Your task:
Go through the records below and write each one out again unchanged.

-------- Material shown --------

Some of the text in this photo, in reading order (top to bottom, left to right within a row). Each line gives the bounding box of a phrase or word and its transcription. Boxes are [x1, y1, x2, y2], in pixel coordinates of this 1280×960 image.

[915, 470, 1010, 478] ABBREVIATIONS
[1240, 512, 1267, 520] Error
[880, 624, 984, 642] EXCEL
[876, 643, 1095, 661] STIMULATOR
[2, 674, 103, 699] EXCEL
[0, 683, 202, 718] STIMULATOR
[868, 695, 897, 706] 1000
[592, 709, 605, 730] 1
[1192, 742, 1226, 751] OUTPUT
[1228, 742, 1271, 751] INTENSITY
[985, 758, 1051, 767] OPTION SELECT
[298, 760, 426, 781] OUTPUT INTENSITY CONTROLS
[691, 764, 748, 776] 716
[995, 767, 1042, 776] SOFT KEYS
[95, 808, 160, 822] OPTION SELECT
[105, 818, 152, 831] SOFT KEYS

--------

Response to the task:
Some of the text in this photo, in reading order (top to bottom, left to right within a row). Each line gives the bounding box of a phrase or word and its transcription. Boxes are [x1, y1, x2, y2], in pixel coordinates of this 1280×960 image.

[915, 470, 1010, 478] ABBREVIATIONS
[1240, 512, 1267, 520] Error
[880, 624, 984, 642] EXCEL
[876, 643, 1095, 661] STIMULATOR
[2, 674, 103, 699] EXCEL
[0, 683, 202, 718] STIMULATOR
[868, 695, 897, 706] 1000
[592, 709, 605, 730] 1
[1192, 742, 1226, 751] OUTPUT
[1228, 742, 1271, 751] INTENSITY
[985, 758, 1051, 767] OPTION SELECT
[298, 760, 426, 781] OUTPUT INTENSITY CONTROLS
[691, 764, 748, 776] 716
[995, 767, 1042, 776] SOFT KEYS
[95, 808, 160, 822] OPTION SELECT
[105, 818, 152, 831] SOFT KEYS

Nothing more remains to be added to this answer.